The FCC believes the CAF II auction was a major success, and that belief is evident in how similar the proposed RDOF framework is to the CAF II auction. For that reason, many of the same entities that participated in the CAF II auction will undoubtedly participate in the RDOF auction. Even more WISPs and Electric Companies will likely participate.
In light of the similarities between the CAF II auction and the proposed RDOF auction framework, when comments are eventually filed in response to the NPRM, there will likely be many stakeholders that push for more stringent disclosure requirements on the front end of the application process. Why is that? Following the close of the CAF II auction, the FCC was very quick to declare the auction a success. Some unsuccessful participants and other stakeholders, however, were more tempered in their assessments of the CAF II auction results. There were a number of CAF II participants that won a large amount of support based on commitments to provide a level of service they have never before provided, and those same winners committed to serve areas immensely larger than their current service areas.
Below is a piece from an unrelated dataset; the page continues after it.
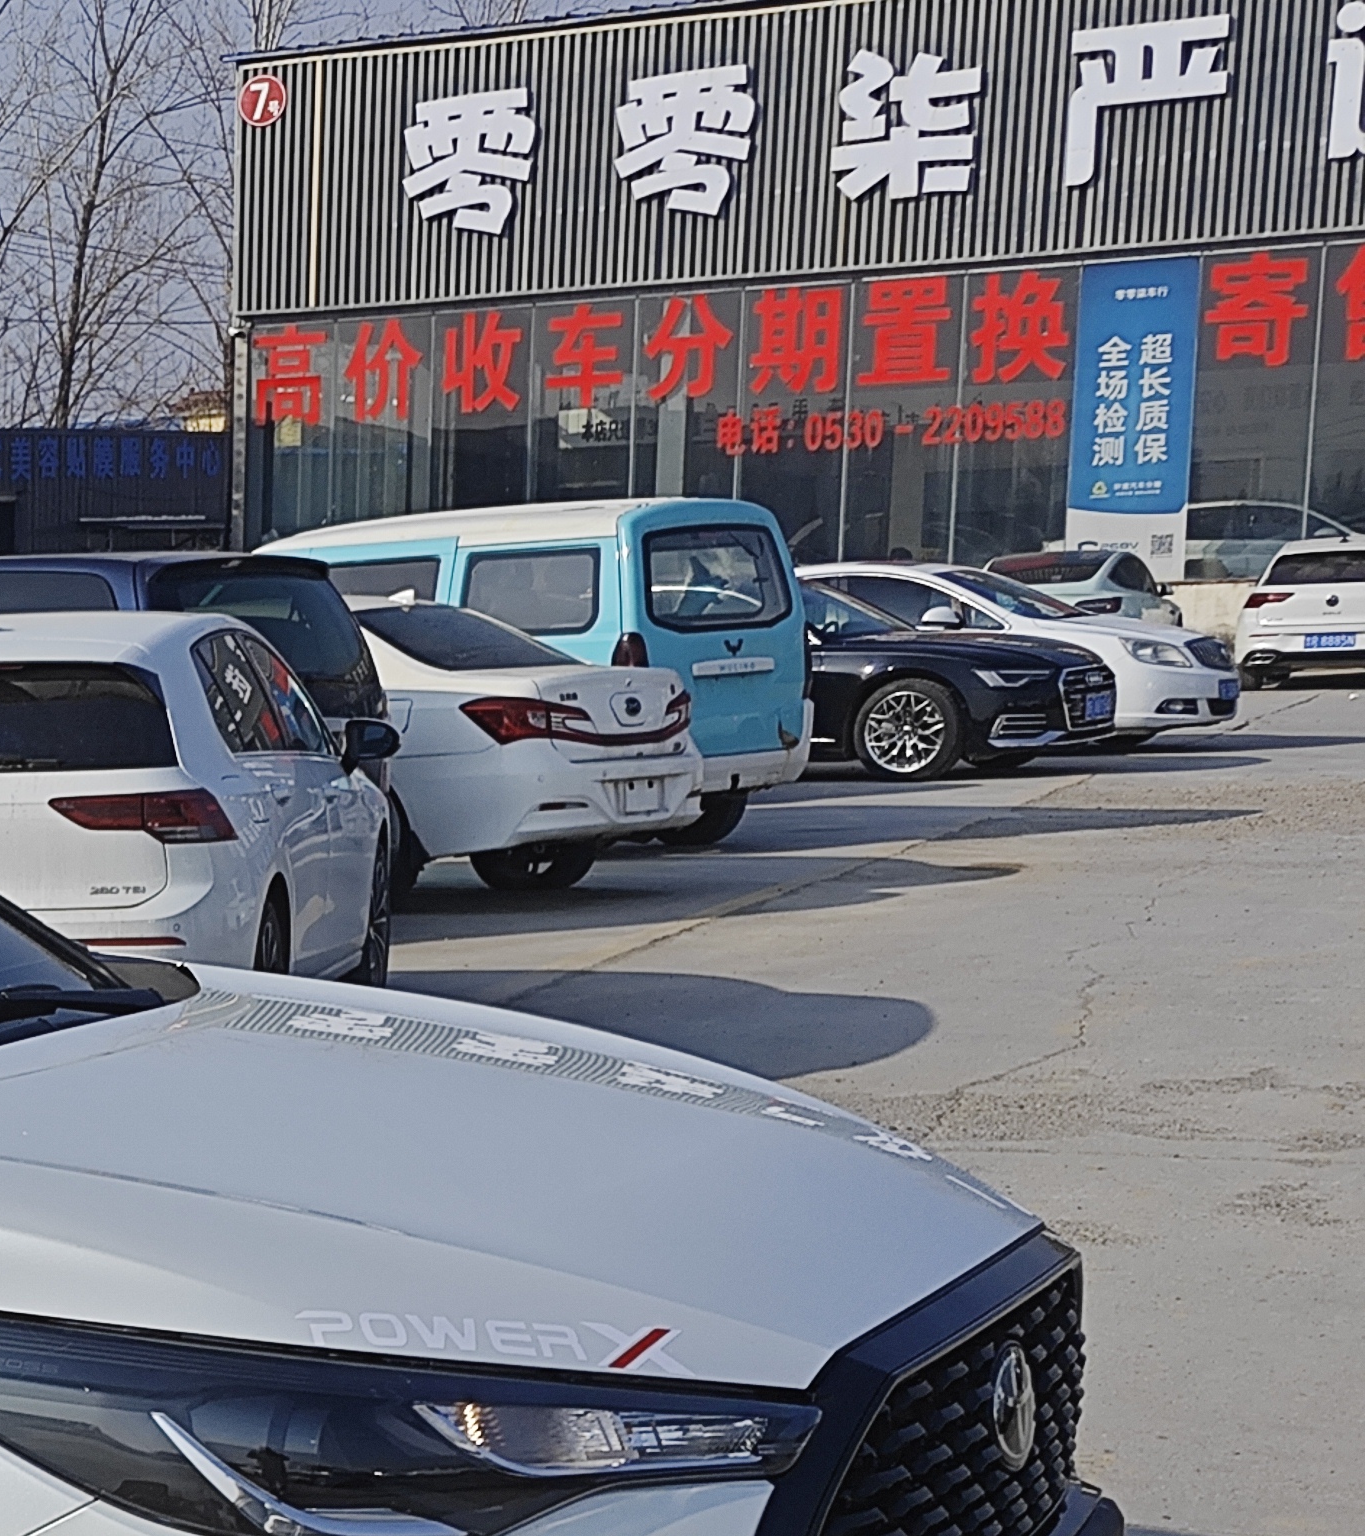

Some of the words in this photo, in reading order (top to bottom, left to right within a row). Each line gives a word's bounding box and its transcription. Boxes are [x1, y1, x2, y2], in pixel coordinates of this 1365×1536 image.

[252, 270, 1068, 425] 高价收车分期置换
[1091, 335, 1132, 467] 全场检测
[1136, 333, 1173, 465] 超长质保
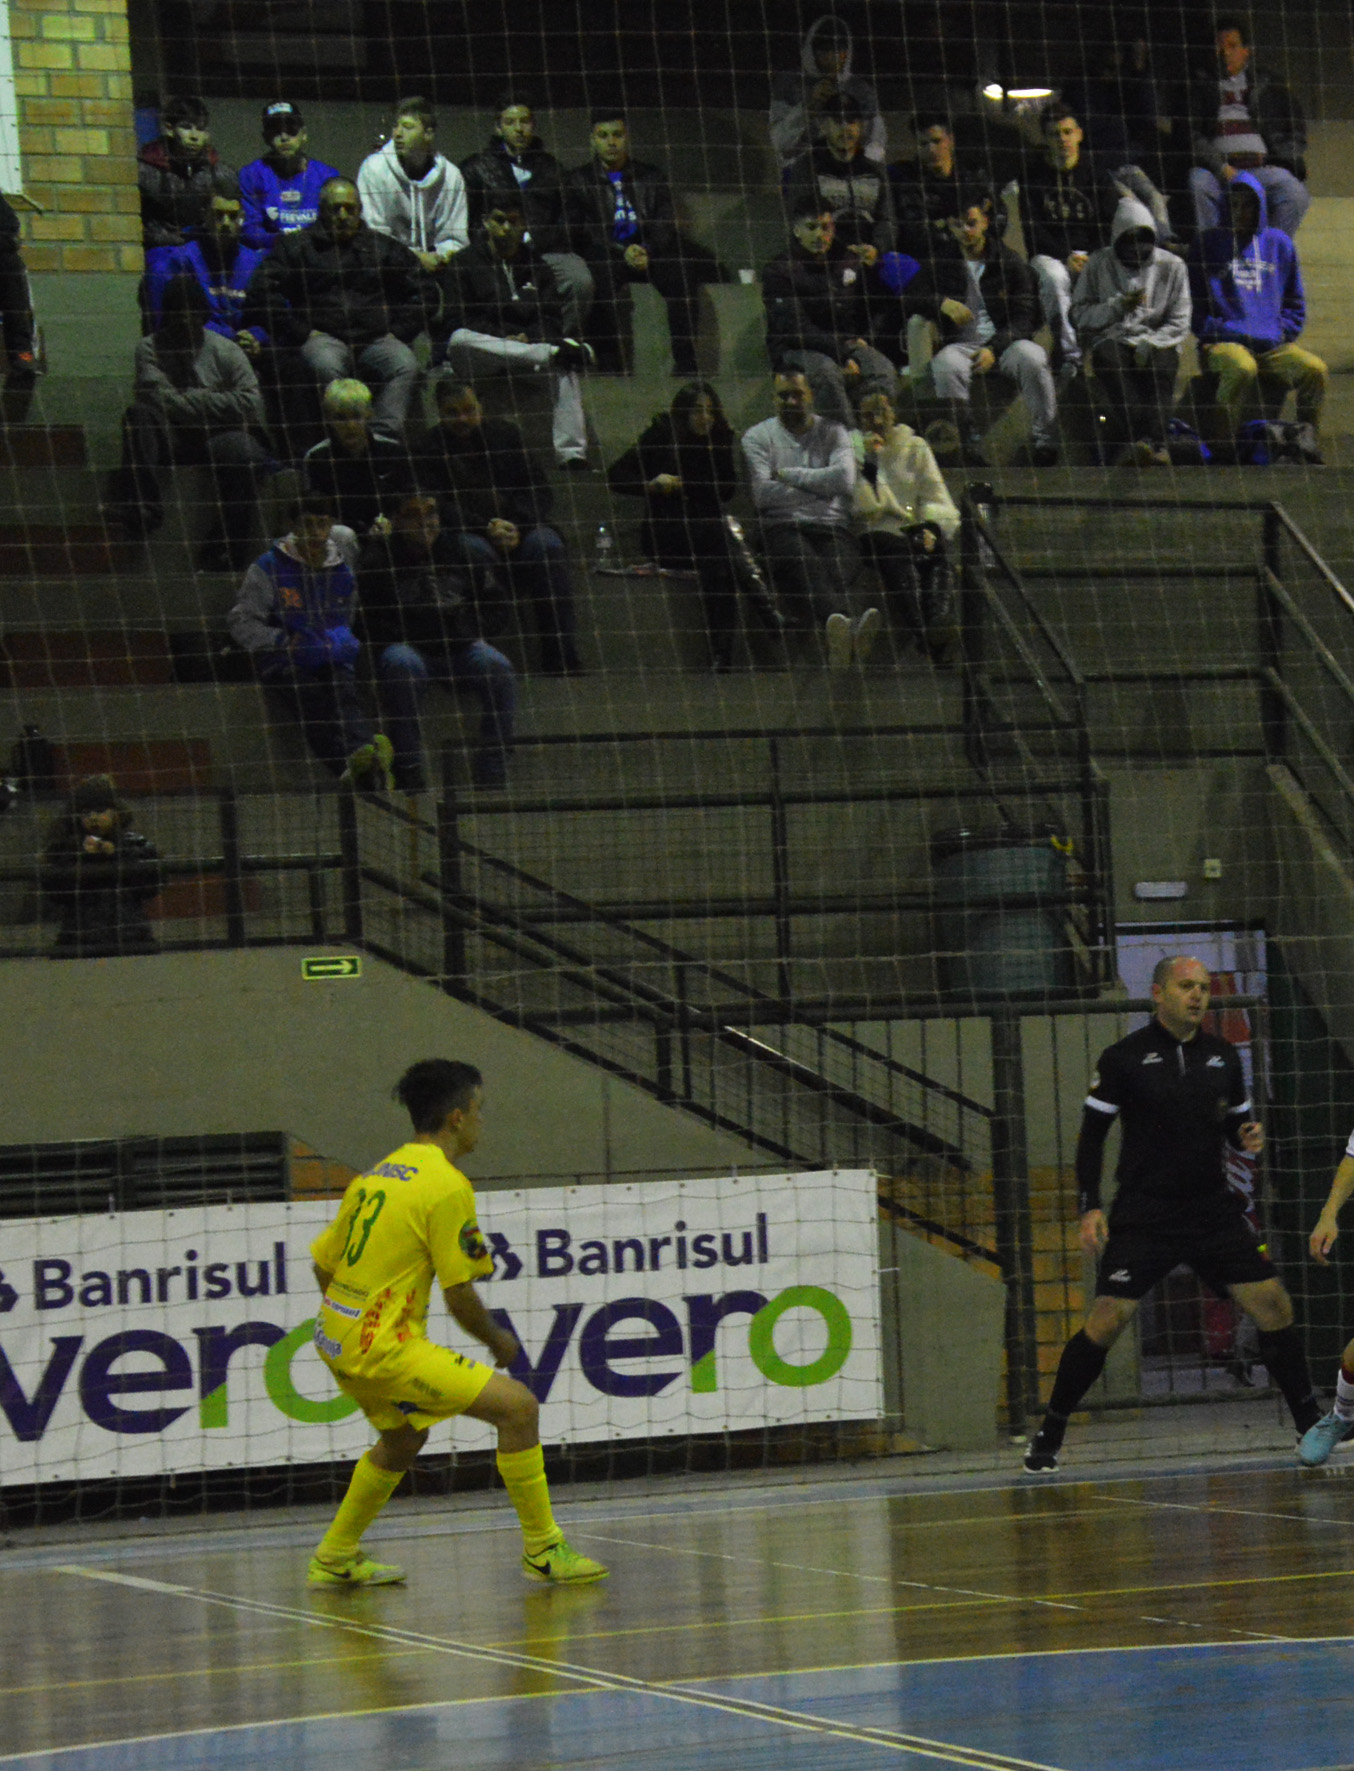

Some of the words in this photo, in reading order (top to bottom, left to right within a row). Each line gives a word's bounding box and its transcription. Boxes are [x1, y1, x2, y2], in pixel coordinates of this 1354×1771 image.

On top of that, most of those winners expect to use fixed wireless technologies that, based on a number of factors, have not been completely proven to be able to consistently deliver the high speeds to which the winning bidders have committed. These concerns were brought up during the proceeding that crafted the CAF II auction, but became much more illuminated after the auction ended and winners submitted long-form applications. To be clear, these concerns are real and need to be addressed during the RDOF auction establishment and implementation processes. Look for these concerns to be a major issue raised by many commenters.
Putting that aside, let’s take a look at the proposed details of the RDOF. Below is a summary of the main parts of the RDOF NPRM:
Phase I – Unserved Areas: Phase I of the RDOF will focus on those areas of the country that are wholly unserved. Of the $20.4 billion RODF budget, the FCC proposes to make available at least $16 billion for Phase I. The $16 billion amount reflects the sum of the total amount of CAF Phase II model-based support currently received by price cap carriers ($1.5 billion per year) and the support amount the FCC once envisioned for the Remote Areas Fund (at least $100 million per year). The FCC proposes to make the following seven areas initially eligible for Phase I of the RDOF auction:
Census blocks for which price cap carriers currently receive CAF Phase II model-based support.
Census blocks that were eligible for, but did not receive, winning bids in the CAF Phase II auction.
Census blocks where a CAF Phase II auction winning bidder has defaulted.
Census blocks excluded from the offers of model-based support and the CAF Phase II auction because they were served with voice and broadband of at least 10/1 Mbps.
Census blocks served by both price cap carriers and rate-of-return carriers to the extent that census block is in the price cap carrier’s territory. The FCC proposes to use the most recent study area boundary data filed by the rate-of-return carriers to identify their service areas and determine the portion of each census block that is outside this service area.
Census blocks that are currently unserved outside of price cap carriers where there is no certified high-cost ETC providing service, such as the Hawaiian Homelands, and any other populated areas unserved by either a rate-of-return or price cap carrier.
Census blocks identified by rate-of-return carriers as ones where they do not expect to extend broadband.[5]
Phase II – Unserved and Partially Served Areas: Phase II will target (1) any areas not won in Phase I, and (2) census blocks that are partially served once the FCC has granular information about which areas are already served with broadband. Of the $20.4 billion RODF budget, the FCC proposes to make $4.4 billion available for Phase II, as well as any unawarded funds from Phase I.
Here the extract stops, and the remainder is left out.